━━━━━ STUDY MATERIAL ━━━━━

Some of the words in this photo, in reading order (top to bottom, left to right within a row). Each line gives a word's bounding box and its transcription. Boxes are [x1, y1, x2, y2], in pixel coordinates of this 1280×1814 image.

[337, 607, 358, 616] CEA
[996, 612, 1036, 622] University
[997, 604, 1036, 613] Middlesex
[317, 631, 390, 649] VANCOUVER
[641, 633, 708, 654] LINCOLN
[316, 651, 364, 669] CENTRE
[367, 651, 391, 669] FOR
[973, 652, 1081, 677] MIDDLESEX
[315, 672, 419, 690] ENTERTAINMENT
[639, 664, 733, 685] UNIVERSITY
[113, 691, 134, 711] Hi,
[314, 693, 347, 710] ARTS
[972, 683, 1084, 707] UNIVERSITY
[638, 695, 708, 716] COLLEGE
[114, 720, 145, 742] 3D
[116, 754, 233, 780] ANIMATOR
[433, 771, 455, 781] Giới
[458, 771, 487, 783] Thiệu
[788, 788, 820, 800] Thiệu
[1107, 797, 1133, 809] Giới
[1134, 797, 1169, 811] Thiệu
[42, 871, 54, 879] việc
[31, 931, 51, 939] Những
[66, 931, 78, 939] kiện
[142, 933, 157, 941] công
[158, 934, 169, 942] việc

━━━━━

> _WHAT TO DO_: An exact copy of every record is needed, so retype them all.

> _EXERCISE RESPONSE_:
Some of the words in this photo, in reading order (top to bottom, left to right within a row). Each line gives a word's bounding box and its transcription. Boxes are [x1, y1, x2, y2], in pixel coordinates of this 1280×1814 image.

[337, 607, 358, 616] CEA
[996, 612, 1036, 622] University
[997, 604, 1036, 613] Middlesex
[317, 631, 390, 649] VANCOUVER
[641, 633, 708, 654] LINCOLN
[316, 651, 364, 669] CENTRE
[367, 651, 391, 669] FOR
[973, 652, 1081, 677] MIDDLESEX
[315, 672, 419, 690] ENTERTAINMENT
[639, 664, 733, 685] UNIVERSITY
[113, 691, 134, 711] Hi,
[314, 693, 347, 710] ARTS
[972, 683, 1084, 707] UNIVERSITY
[638, 695, 708, 716] COLLEGE
[114, 720, 145, 742] 3D
[116, 754, 233, 780] ANIMATOR
[433, 771, 455, 781] Giới
[458, 771, 487, 783] Thiệu
[788, 788, 820, 800] Thiệu
[1107, 797, 1133, 809] Giới
[1134, 797, 1169, 811] Thiệu
[42, 871, 54, 879] việc
[31, 931, 51, 939] Những
[66, 931, 78, 939] kiện
[142, 933, 157, 941] công
[158, 934, 169, 942] việc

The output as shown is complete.